**Problem to solve:** In your copy, include every record exactly and no pictures.

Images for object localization
Content starts
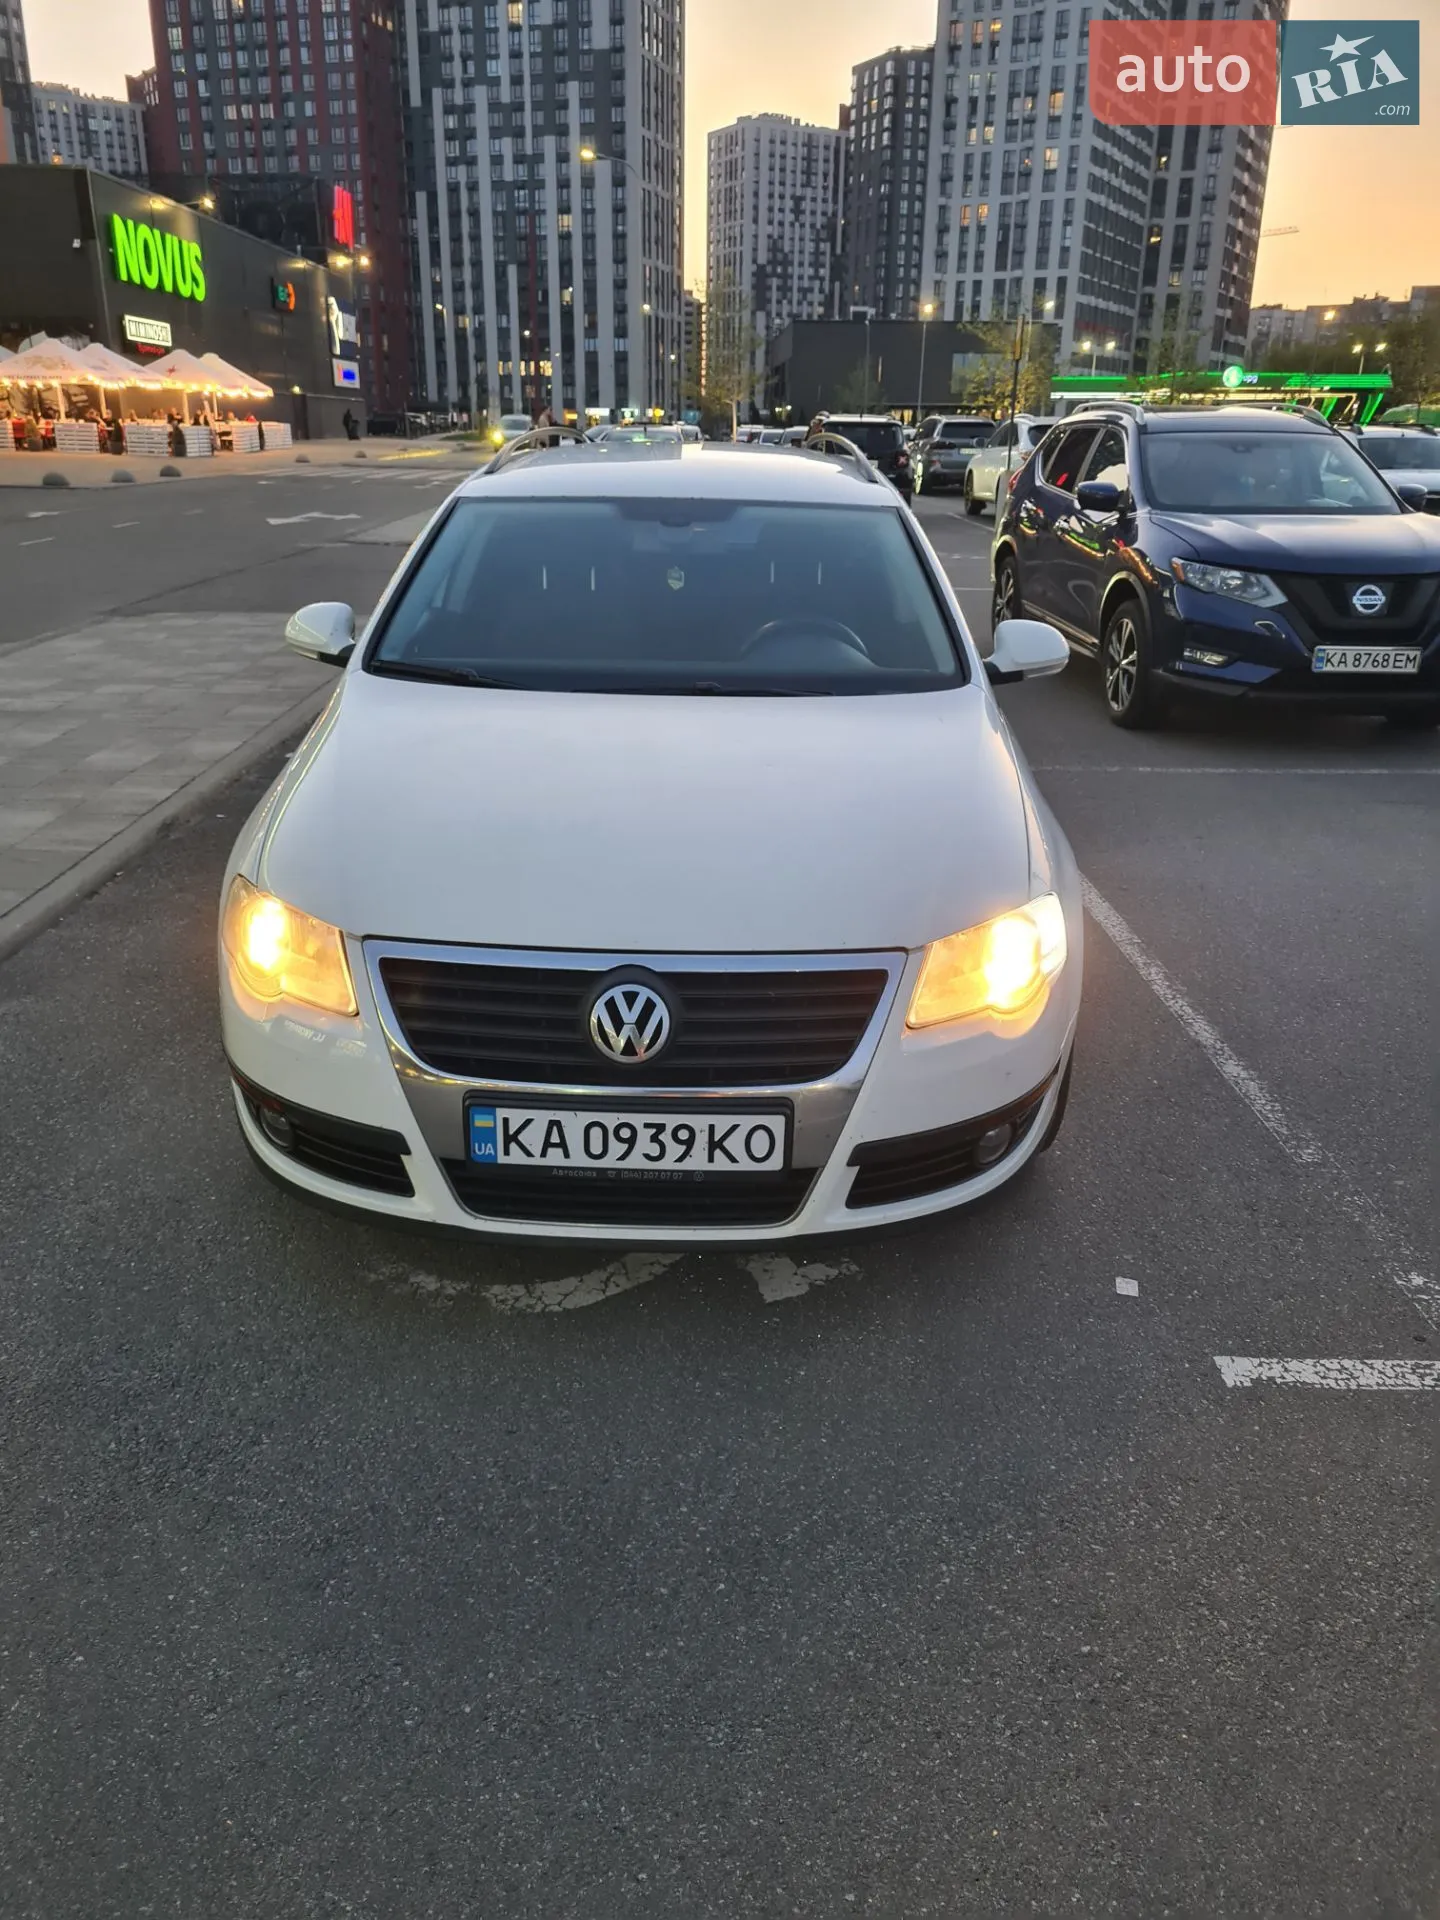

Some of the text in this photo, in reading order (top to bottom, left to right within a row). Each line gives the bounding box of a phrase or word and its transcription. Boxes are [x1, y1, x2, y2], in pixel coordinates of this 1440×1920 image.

[112, 213, 206, 302] NOVUS
[1325, 652, 1418, 669] KA 8768 EM
[475, 1142, 495, 1156] UA
[502, 1116, 776, 1164] KA 0939 KO
Content ends
**Response:**
Some of the text in this photo, in reading order (top to bottom, left to right within a row). Each line gives the bounding box of a phrase or word and its transcription. Boxes are [x1, y1, x2, y2], in pixel coordinates of this 1440×1920 image.

[112, 213, 206, 302] NOVUS
[1325, 652, 1418, 669] KA 8768 EM
[475, 1142, 495, 1156] UA
[502, 1116, 776, 1164] KA 0939 KO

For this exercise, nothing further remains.